Exercise goal: The required output is a verbatim transcription of the listing, pictures excluded.

========================================

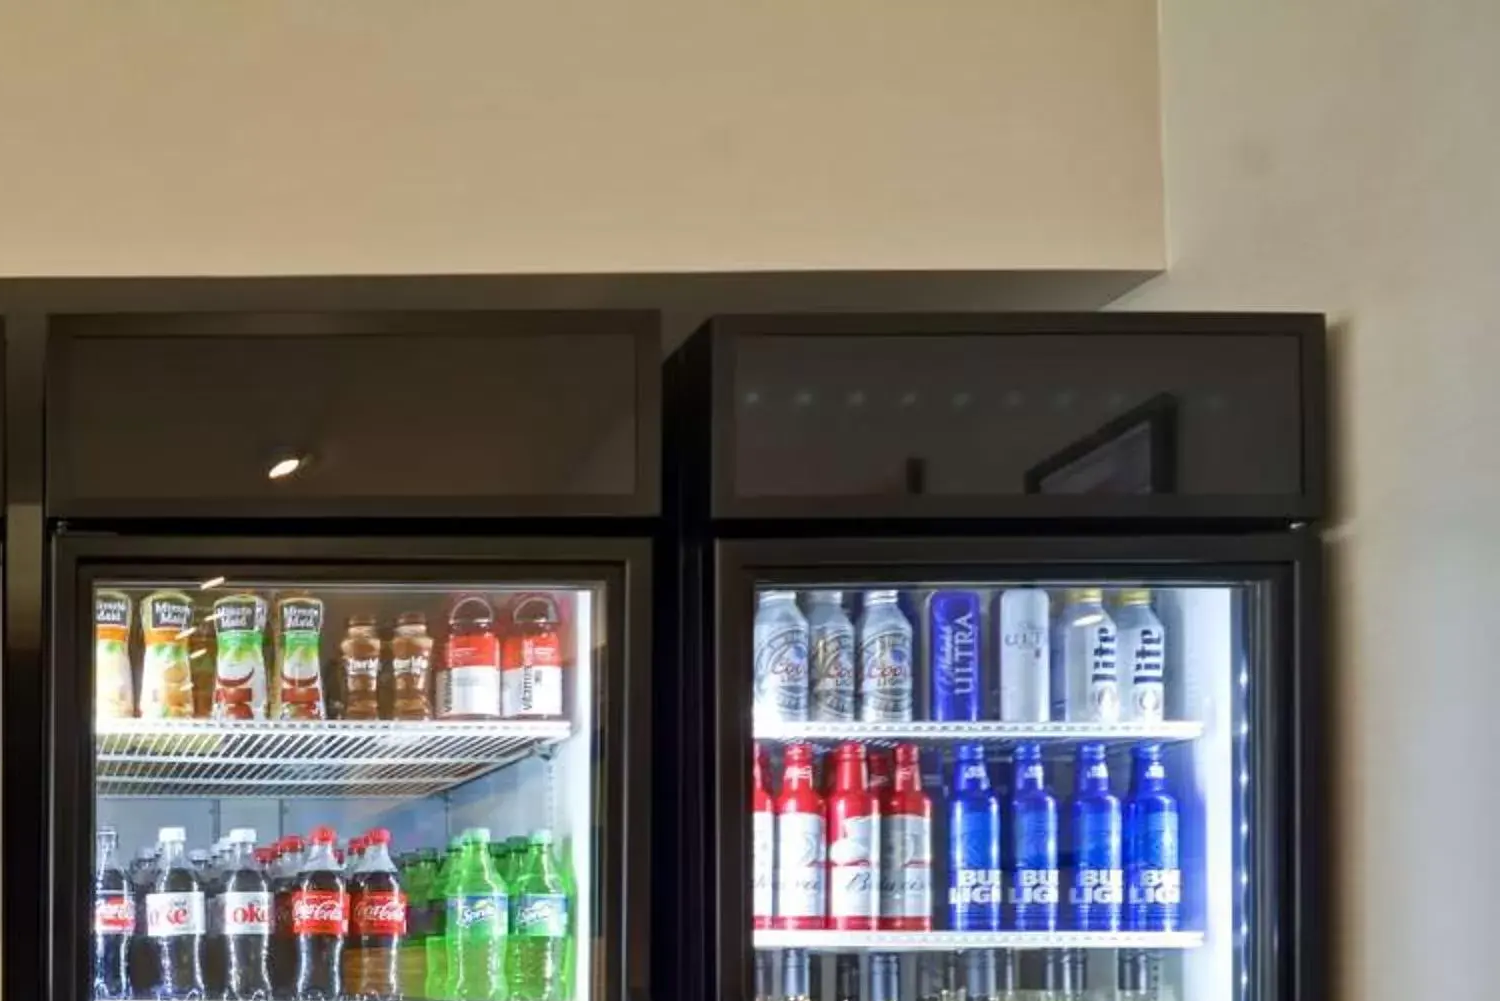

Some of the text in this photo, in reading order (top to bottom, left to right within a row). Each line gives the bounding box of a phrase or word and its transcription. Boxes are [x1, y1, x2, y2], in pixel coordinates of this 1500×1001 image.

[954, 613, 975, 695] ULTRA
[958, 869, 1001, 887] BU
[1020, 869, 1059, 887] BU
[1080, 869, 1123, 887] BU
[948, 886, 1001, 905] LIG
[1009, 886, 1059, 905] LIG
[1069, 886, 1123, 905] LIG
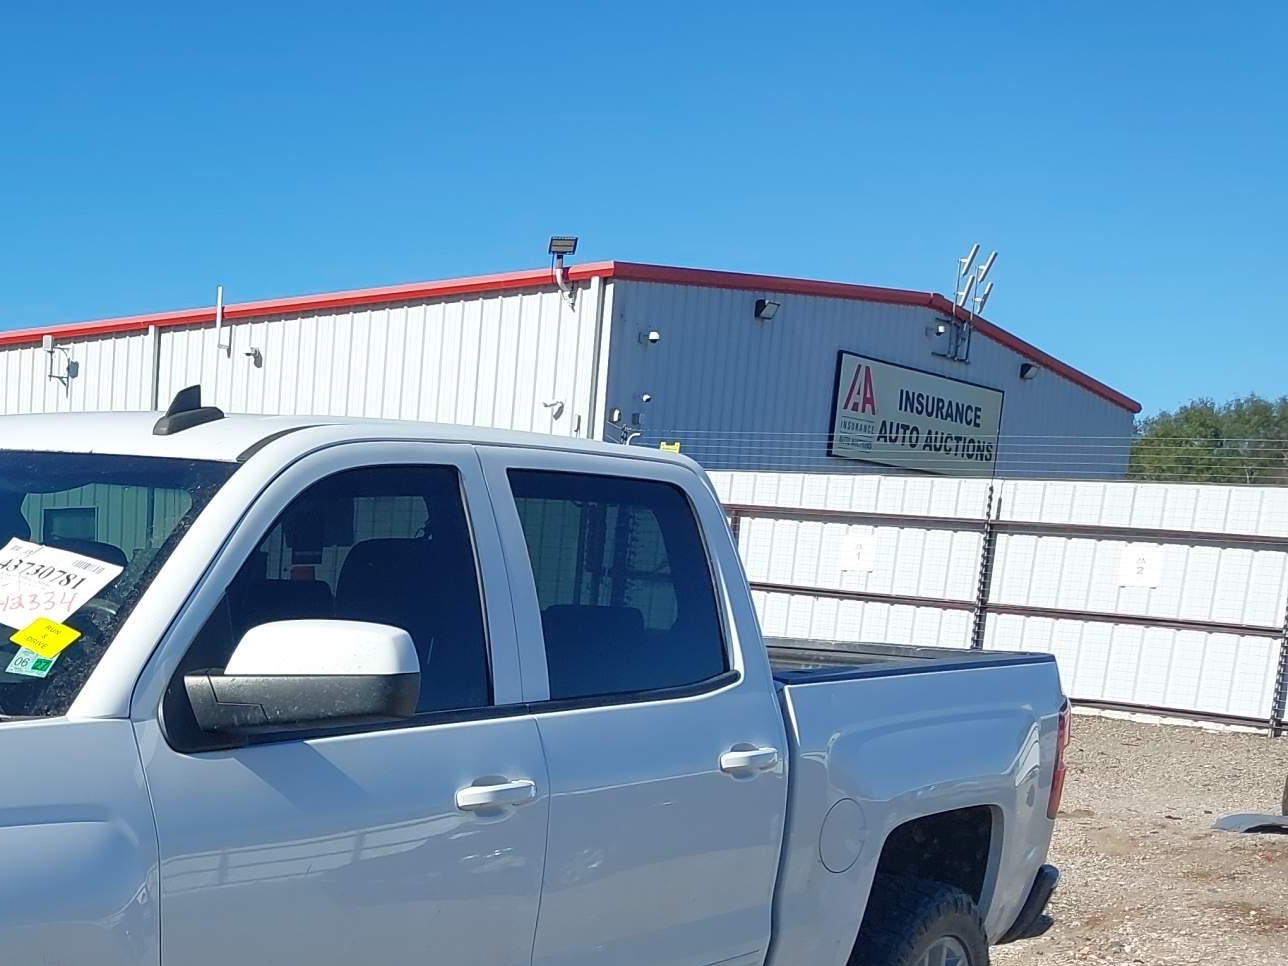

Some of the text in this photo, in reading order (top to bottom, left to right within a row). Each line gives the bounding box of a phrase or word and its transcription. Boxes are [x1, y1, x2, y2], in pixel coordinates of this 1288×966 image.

[899, 388, 982, 428] INSURANCE
[840, 419, 875, 434] INSURANCE
[876, 420, 920, 449] AUTO
[923, 429, 993, 462] AUCTIONS
[45, 624, 62, 636] RUN
[25, 636, 48, 650] DRIVE
[13, 656, 31, 668] 06
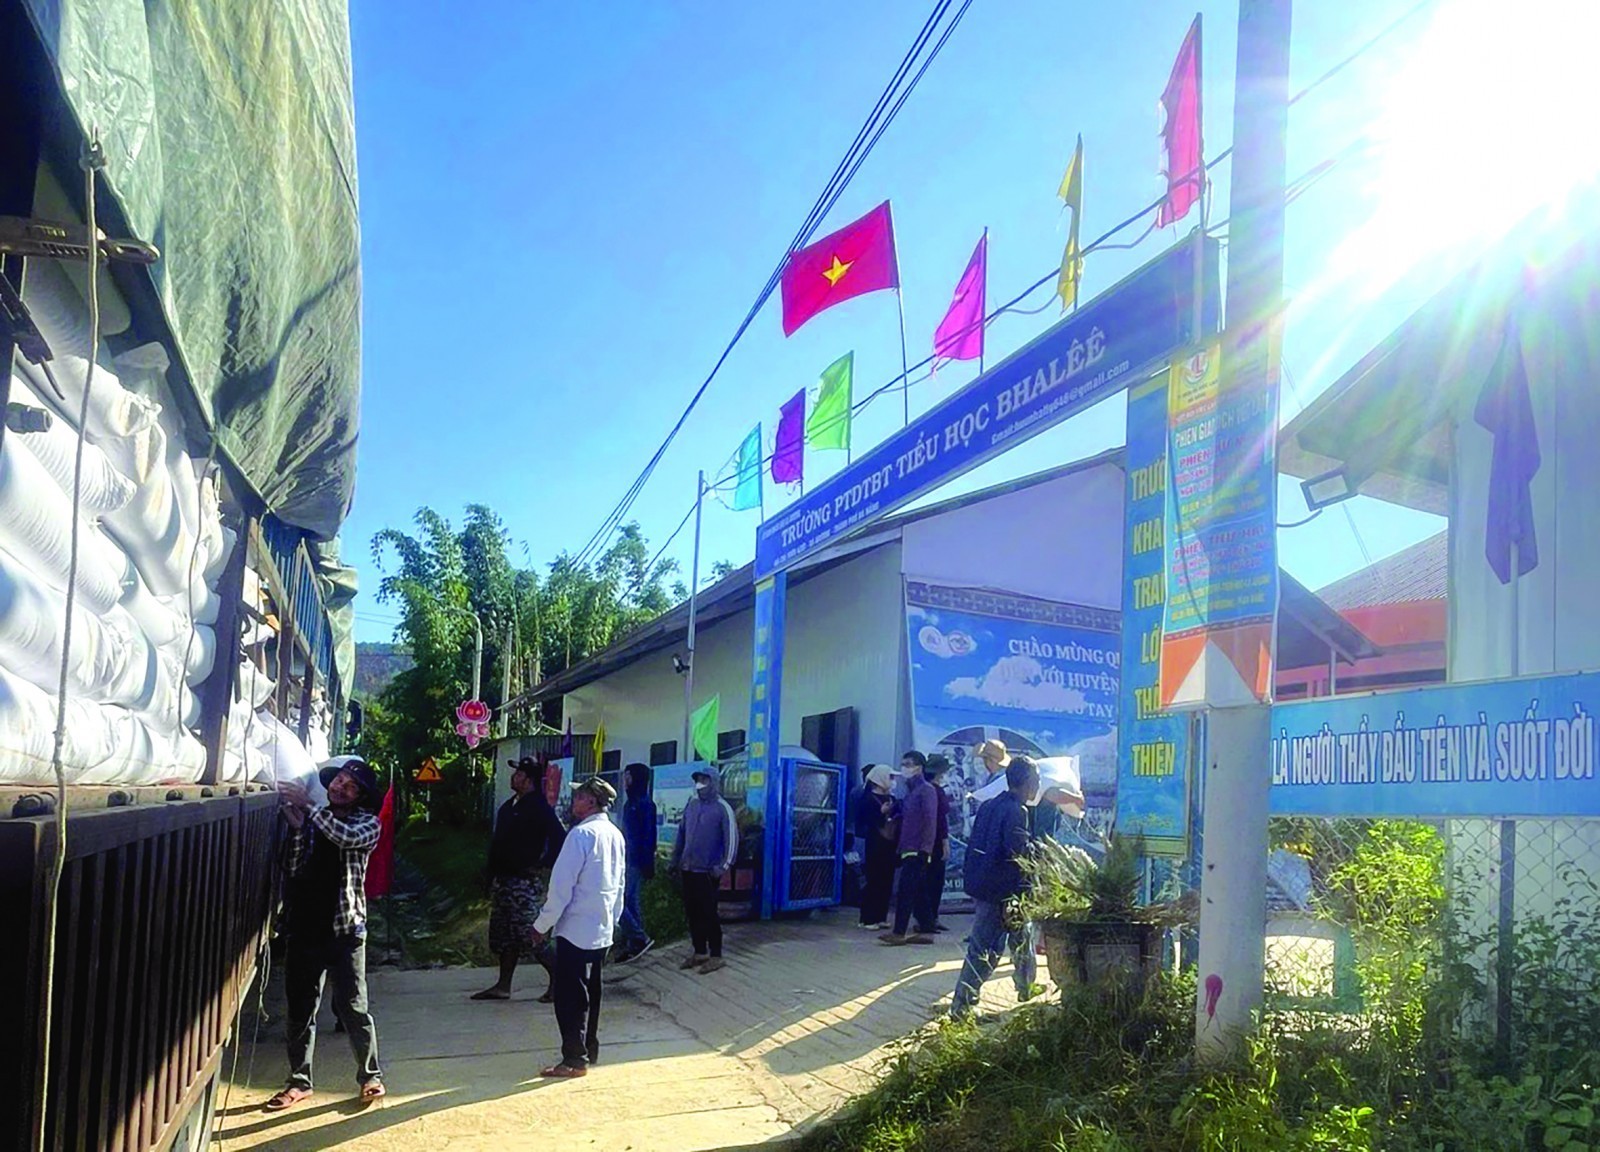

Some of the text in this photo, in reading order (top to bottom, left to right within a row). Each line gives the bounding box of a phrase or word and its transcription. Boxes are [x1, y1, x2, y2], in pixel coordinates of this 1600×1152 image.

[782, 503, 831, 547] TRƯỜNG
[834, 463, 893, 517] PTDTBT
[896, 431, 939, 478] TIỂU
[944, 403, 989, 452] HỌC
[996, 326, 1105, 421] BHALÊÊ
[1009, 635, 1053, 658] CHÀO
[1055, 640, 1103, 664] MỪNG
[1067, 671, 1120, 696] HUYỆN
[1087, 702, 1114, 718] TAY
[1132, 736, 1176, 784] THIỆN
[1272, 699, 1593, 785] LÀ NGƯỜI THẦY ĐẦU TIÊN VÀ SUỐT ĐỜI

========================================

Final answer:
Some of the text in this photo, in reading order (top to bottom, left to right within a row). Each line gives the bounding box of a phrase or word and its transcription. Boxes are [x1, y1, x2, y2], in pixel coordinates of this 1500×1001 image.

[954, 613, 975, 695] ULTRA
[958, 869, 1001, 887] BU
[1020, 869, 1059, 887] BU
[1080, 869, 1123, 887] BU
[948, 886, 1001, 905] LIG
[1009, 886, 1059, 905] LIG
[1069, 886, 1123, 905] LIG

Some of the text in this photo, in reading order (top to bottom, left to right within a row). Each line gives the bounding box of a phrase or word and its transcription. Boxes are [x1, y1, x2, y2], in pixel coordinates of this 1288×966 image.

[899, 388, 982, 428] INSURANCE
[840, 419, 875, 434] INSURANCE
[876, 420, 920, 449] AUTO
[923, 429, 993, 462] AUCTIONS
[45, 624, 62, 636] RUN
[25, 636, 48, 650] DRIVE
[13, 656, 31, 668] 06

Some of the text in this photo, in reading order (top to bottom, left to right within a row). Each line gives the bounding box of a phrase or word and its transcription. Boxes are [x1, y1, x2, y2], in pixel coordinates of this 1600×1152 image.

[782, 503, 831, 547] TRƯỜNG
[834, 463, 893, 517] PTDTBT
[896, 431, 939, 478] TIỂU
[944, 403, 989, 452] HỌC
[996, 326, 1105, 421] BHALÊÊ
[1009, 635, 1053, 658] CHÀO
[1055, 640, 1103, 664] MỪNG
[1067, 671, 1120, 696] HUYỆN
[1087, 702, 1114, 718] TAY
[1132, 736, 1176, 784] THIỆN
[1272, 699, 1593, 785] LÀ NGƯỜI THẦY ĐẦU TIÊN VÀ SUỐT ĐỜI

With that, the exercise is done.